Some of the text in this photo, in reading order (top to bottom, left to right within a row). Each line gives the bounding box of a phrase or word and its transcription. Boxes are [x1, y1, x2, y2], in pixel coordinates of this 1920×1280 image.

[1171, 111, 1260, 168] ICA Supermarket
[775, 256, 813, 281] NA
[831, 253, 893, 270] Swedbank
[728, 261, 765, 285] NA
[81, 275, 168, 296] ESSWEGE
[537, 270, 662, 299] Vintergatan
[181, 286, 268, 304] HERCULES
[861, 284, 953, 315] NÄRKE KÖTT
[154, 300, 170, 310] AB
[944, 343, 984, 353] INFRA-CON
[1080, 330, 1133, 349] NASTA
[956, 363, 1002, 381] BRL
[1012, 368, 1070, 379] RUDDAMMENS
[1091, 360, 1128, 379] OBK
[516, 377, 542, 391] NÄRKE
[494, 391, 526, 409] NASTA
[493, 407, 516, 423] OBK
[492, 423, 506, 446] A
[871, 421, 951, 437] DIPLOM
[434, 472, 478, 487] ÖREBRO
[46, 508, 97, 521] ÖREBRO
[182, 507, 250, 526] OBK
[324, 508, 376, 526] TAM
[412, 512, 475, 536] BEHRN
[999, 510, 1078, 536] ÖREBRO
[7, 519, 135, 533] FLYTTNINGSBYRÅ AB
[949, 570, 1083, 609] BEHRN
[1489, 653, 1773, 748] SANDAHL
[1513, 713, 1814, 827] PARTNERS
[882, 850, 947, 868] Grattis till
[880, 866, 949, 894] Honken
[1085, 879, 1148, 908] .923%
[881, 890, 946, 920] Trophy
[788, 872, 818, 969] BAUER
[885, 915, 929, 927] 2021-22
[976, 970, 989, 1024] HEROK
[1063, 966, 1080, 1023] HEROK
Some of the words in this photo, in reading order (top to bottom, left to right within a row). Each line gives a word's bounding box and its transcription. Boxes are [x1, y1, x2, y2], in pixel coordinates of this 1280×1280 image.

Task instructions = I'd like all of the entries written out again exactly as they appear above.

Exercise output =
Some of the text in this photo, in reading order (top to bottom, left to right within a row). Each line gives the bounding box of a phrase or word and its transcription. Boxes are [x1, y1, x2, y2], in pixel coordinates of this 1920×1280 image.

[1171, 111, 1260, 168] ICA Supermarket
[775, 256, 813, 281] NA
[831, 253, 893, 270] Swedbank
[728, 261, 765, 285] NA
[81, 275, 168, 296] ESSWEGE
[537, 270, 662, 299] Vintergatan
[181, 286, 268, 304] HERCULES
[861, 284, 953, 315] NÄRKE KÖTT
[154, 300, 170, 310] AB
[944, 343, 984, 353] INFRA-CON
[1080, 330, 1133, 349] NASTA
[956, 363, 1002, 381] BRL
[1012, 368, 1070, 379] RUDDAMMENS
[1091, 360, 1128, 379] OBK
[516, 377, 542, 391] NÄRKE
[494, 391, 526, 409] NASTA
[493, 407, 516, 423] OBK
[492, 423, 506, 446] A
[871, 421, 951, 437] DIPLOM
[434, 472, 478, 487] ÖREBRO
[46, 508, 97, 521] ÖREBRO
[182, 507, 250, 526] OBK
[324, 508, 376, 526] TAM
[412, 512, 475, 536] BEHRN
[999, 510, 1078, 536] ÖREBRO
[7, 519, 135, 533] FLYTTNINGSBYRÅ AB
[949, 570, 1083, 609] BEHRN
[1489, 653, 1773, 748] SANDAHL
[1513, 713, 1814, 827] PARTNERS
[882, 850, 947, 868] Grattis till
[880, 866, 949, 894] Honken
[1085, 879, 1148, 908] .923%
[881, 890, 946, 920] Trophy
[788, 872, 818, 969] BAUER
[885, 915, 929, 927] 2021-22
[976, 970, 989, 1024] HEROK
[1063, 966, 1080, 1023] HEROK
Some of the words in this photo, in reading order (top to bottom, left to right within a row). Each line gives a word's bounding box and its transcription. Boxes are [x1, y1, x2, y2], in pixel coordinates of this 1280×1280 image.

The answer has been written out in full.